- Born: 15 November 1925 Bukhara, Soviet Union
- Died: 6 April 1991 (aged 65) Dushanbe, Soviet Union
- Education: Samarkand Medical Institute
- Scientific career
- Fields: Biochemistry
- Workplaces: Tajikistan Academy of Sciences

= Irina Mansurova =

Tajikistani biochemist

Irina Jafarovna Mansurova (Ирина Джафаровна Мансурова) (15 November 1925 – 6 April 1991) was a Tajikistani biochemist.

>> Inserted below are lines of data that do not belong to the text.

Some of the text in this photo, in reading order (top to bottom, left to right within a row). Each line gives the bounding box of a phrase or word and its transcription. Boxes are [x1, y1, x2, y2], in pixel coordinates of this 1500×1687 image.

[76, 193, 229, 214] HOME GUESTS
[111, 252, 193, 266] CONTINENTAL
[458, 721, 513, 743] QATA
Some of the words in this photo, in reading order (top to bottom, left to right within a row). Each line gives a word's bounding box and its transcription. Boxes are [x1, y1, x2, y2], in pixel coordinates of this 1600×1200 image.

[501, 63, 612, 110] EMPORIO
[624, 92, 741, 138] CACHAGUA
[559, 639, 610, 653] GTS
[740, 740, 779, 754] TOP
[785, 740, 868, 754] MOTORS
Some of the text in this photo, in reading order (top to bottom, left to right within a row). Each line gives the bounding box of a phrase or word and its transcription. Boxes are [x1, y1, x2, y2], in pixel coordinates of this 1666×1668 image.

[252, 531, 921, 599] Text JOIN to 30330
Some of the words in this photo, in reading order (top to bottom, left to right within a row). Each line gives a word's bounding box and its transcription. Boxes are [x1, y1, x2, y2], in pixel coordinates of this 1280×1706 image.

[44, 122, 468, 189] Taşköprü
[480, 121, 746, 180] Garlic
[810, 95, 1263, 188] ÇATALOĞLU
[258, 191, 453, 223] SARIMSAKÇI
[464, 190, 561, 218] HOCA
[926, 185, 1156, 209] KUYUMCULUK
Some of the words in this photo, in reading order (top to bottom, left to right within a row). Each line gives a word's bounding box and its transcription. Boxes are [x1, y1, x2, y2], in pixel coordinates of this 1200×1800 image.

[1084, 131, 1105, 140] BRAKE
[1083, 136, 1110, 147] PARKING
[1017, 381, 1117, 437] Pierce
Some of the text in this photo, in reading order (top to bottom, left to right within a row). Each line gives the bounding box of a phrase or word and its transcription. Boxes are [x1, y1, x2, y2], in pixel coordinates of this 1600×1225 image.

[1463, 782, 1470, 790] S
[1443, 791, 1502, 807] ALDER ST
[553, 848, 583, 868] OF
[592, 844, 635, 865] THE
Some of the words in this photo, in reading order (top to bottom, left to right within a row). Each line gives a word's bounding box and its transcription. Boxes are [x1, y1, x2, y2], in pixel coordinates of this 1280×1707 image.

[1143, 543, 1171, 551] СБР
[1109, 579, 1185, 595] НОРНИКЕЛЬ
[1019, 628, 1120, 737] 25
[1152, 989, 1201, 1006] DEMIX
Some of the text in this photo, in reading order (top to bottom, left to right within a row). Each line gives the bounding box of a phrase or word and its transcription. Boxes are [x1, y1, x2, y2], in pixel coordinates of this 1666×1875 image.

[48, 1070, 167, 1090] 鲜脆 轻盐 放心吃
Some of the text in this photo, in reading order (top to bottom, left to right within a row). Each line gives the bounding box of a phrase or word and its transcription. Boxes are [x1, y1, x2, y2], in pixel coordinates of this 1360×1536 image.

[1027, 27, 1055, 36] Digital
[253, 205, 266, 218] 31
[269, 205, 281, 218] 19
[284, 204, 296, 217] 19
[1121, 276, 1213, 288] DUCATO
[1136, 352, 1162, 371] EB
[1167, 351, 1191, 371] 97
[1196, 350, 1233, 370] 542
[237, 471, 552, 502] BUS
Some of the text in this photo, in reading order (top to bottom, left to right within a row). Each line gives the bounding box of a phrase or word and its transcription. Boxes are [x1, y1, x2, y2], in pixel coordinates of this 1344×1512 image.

Born in Bukhara, Mansurova was a graduate of the Samarkand Medical Institute, from which she received her degree in 1948. From 1951 to 1959 she interned in the Department of Contagious Diseases at the Tajikistan State Medical Institute. In the latter year she became a Senior Scientific Worker, and until 1976 was director of the Biochemistry Division of Medical Research of the Tajik SSR. In 1967 she became a doctor of medicine, become a professor two years later. In 1976, she took over directorship of the biochemical laboratories of the Nature Preservation Division of the Tajikistan Academy of Sciences. In 1960 she was among those who participated in the foundation of the Department of Biochemistry at the Institute of Gastroenterology of the Academy of Sciences. She was the first Soviet scientist to discover principles governing the resolution of microchemical points on the liver; she also worked with the varied ferment constellations, and studied the effects of herbal medicine on organisms. She supervised the publication of the three-volume Experimental Liver Pathology, and herself published such works as The Biochemistry of the Liver During Hepatitis and Psoriasis of the Liver (Dushanbe, 1964) and Selected Lectures About Biochemistry (Dushanbe, 1971); ultimately she published 240 papers during her career, including three monographs. Named a Distinguished Contributor to Health Services of the Soviet Union in 1967, she received a number of medals during her career. Mansurova was married to the therapist Hamid Mansurov; their daughter Farida became a noted biochemist in her own right, and later took over directorship of the Department of Biochemistry at the Institute of Gastroenterology.